Emricasan May Lower Hepatic Venous Pressure Gradient in Patients With Nonalcoholic Steatohepatitis Cirrhosis and Severe Portal Hypertension: Presented at EASL

By Walter Alexander

VIENNA, Austria -- April 17, 2019 -- Several trends favour emricasan treatment for patients with nonalcoholic steatohepatitis cirrhosis and severe portal hypertension (hepatic venous pressure gradient [HVPG], ≥12 mm Hg) and support its further study in this population, according to a study presented here at The International Liver Meeting, the 54th Annual Meeting of the European Association for the Study of the Liver (EASL).

Emricasan is an oral pan-caspase inhibitor that has been shown to lower portal pressure in animal models and humans with compensated cirrhosis (HVPG, ≥12 mm Hg), said Guadalupe Garcia-Tsao, MD, Yale University, New Haven, Connecticut, on April 13. She noted that caspases play a central role in apoptosis and inflammation, both of which are pathogenic mechanisms in nonalcoholic steatohepatitis.

Severe portal hypertension, defined as HVPG of >10 to 12 mm Hg, is a key driver of cirrhosis decompensation. HPVG measurement is the best available method to evaluate the presence and severity of portal hypertension and is a robust surrogate marker for diagnosis and risk stratification. Decreases in HVPG as small as 1 mm Hg have been associated with a reduction in the risk of decompensation.

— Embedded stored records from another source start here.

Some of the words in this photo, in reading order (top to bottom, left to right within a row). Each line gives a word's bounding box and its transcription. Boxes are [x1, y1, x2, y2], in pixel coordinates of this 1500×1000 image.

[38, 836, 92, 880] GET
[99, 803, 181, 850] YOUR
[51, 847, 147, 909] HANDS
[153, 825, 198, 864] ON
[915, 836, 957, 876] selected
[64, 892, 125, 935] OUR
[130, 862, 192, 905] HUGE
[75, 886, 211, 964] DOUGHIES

This interim analysis of a 48-week trial of HVPG decreases with emricasan versus placebo in a population with severe portal hypertension also looked at mechanistic biomarkers and safety/tolerability. Patients (n = 263; mean age, 60.8 years; 57% women) with nonalcoholic steatohepatitis cirrhosis and baseline HVPG of ≥12 mm Hg were randomised 1:1:1:1 to
emricasan 5, 25, or 50 mg or placebo orally twice daily for 48 weeks. HVPG assessment at the 24-week follow-up was the primary endpoint. Patients were stratified according to compensated (76%) or early decompensated (24%) status.

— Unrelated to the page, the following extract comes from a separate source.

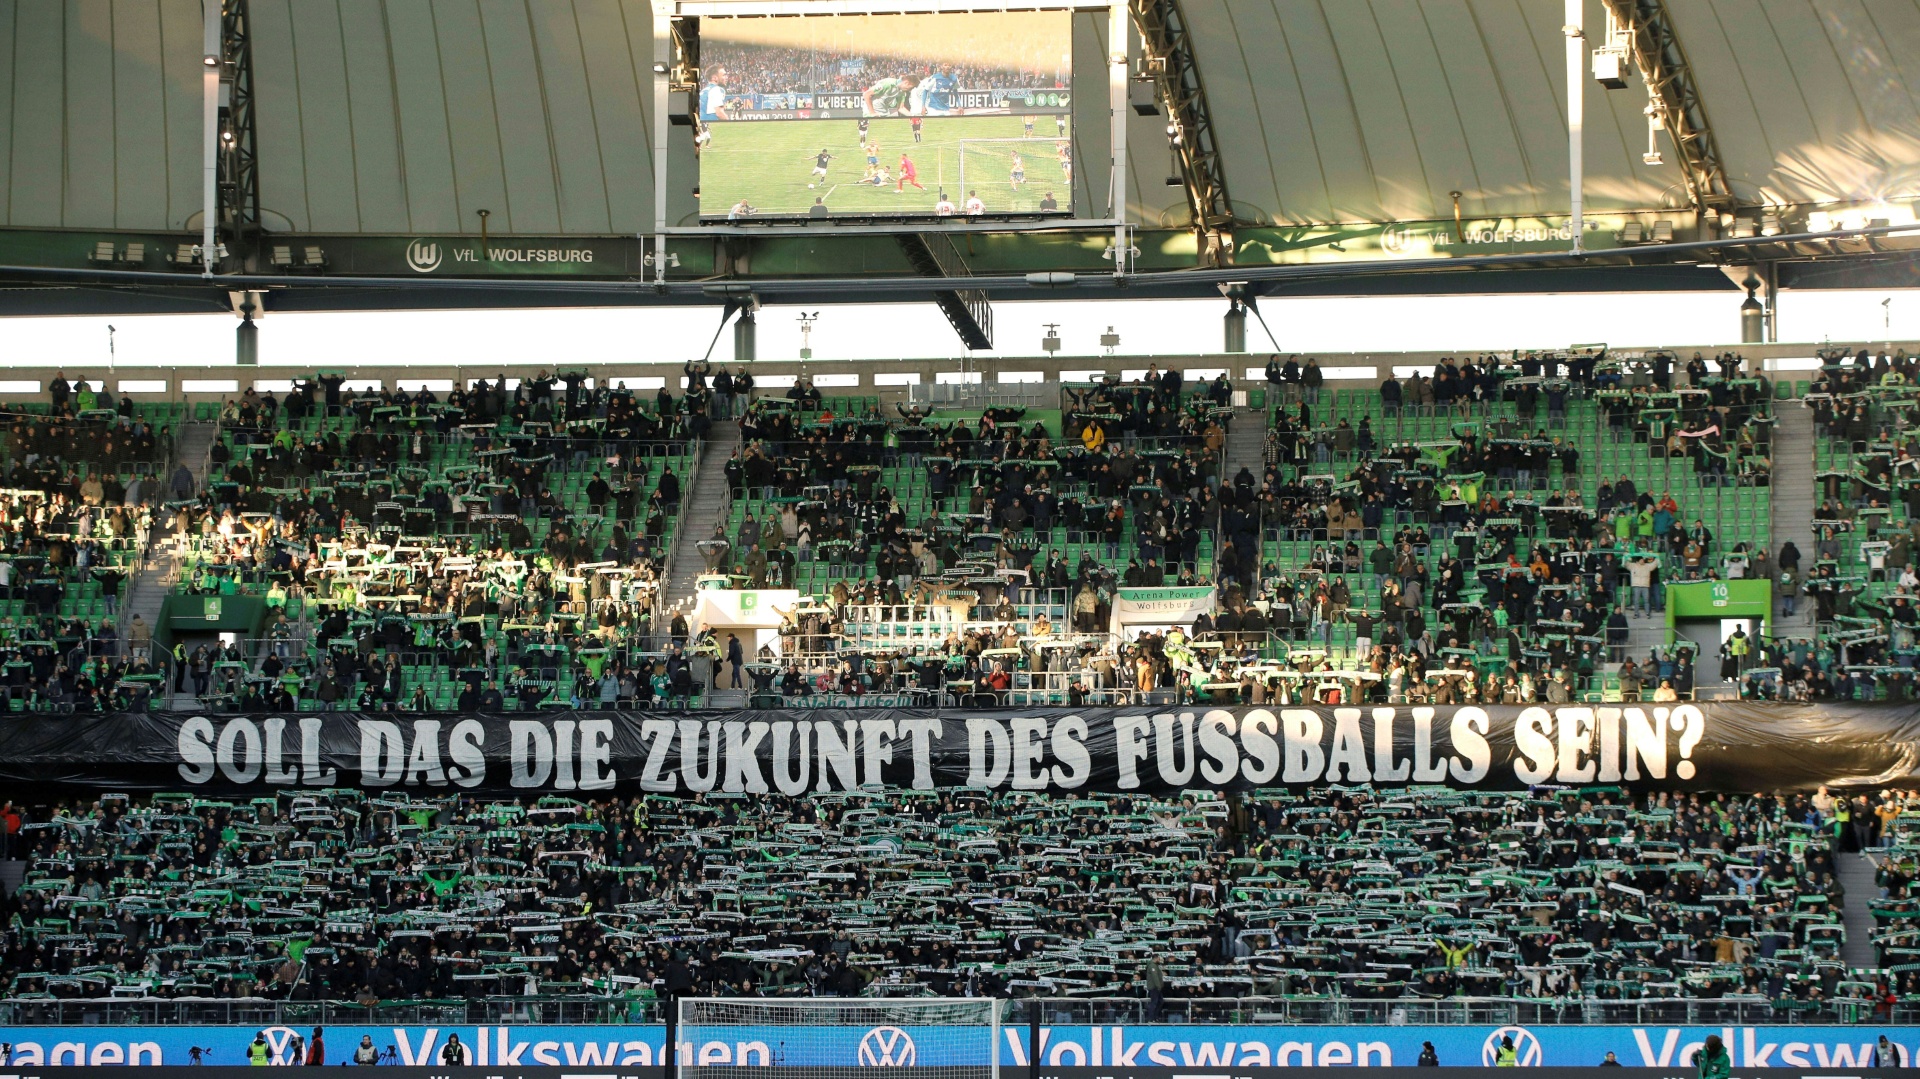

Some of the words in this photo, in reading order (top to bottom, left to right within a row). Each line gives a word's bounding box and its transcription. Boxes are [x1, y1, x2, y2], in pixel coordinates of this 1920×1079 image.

Mean HVPG was ~17.0 mm Hg at baseline and 16.5, 16.6, 15.8, and 16.6 mm Hg at week 24 in the emricasan 5-, 25-, and 50-mg and placebo groups, respectively. A post hoc analysis of subjects with baseline HVPG of ≥16 mm Hg, however, revealed clinically meaningful changes favouring emricasan over placebo at all doses. Biomarker (caspase, cCK18, alanine aminotransferase, and aspartate transaminase) reductions with emricasan were also generally significant.

Treatment-emergent adverse event rates were found to be similar (81.6% for combined emricasan doses vs 82.1% for placebo), with serious adverse events reported among 17.9% for emricasan treatment and 11.9% for placebo. Adverse events were distributed widely across various organ system classes.

“These results support additional exploration of emricasan in patients with severe portal hypertension,” said Dr. Garcia-Tsao.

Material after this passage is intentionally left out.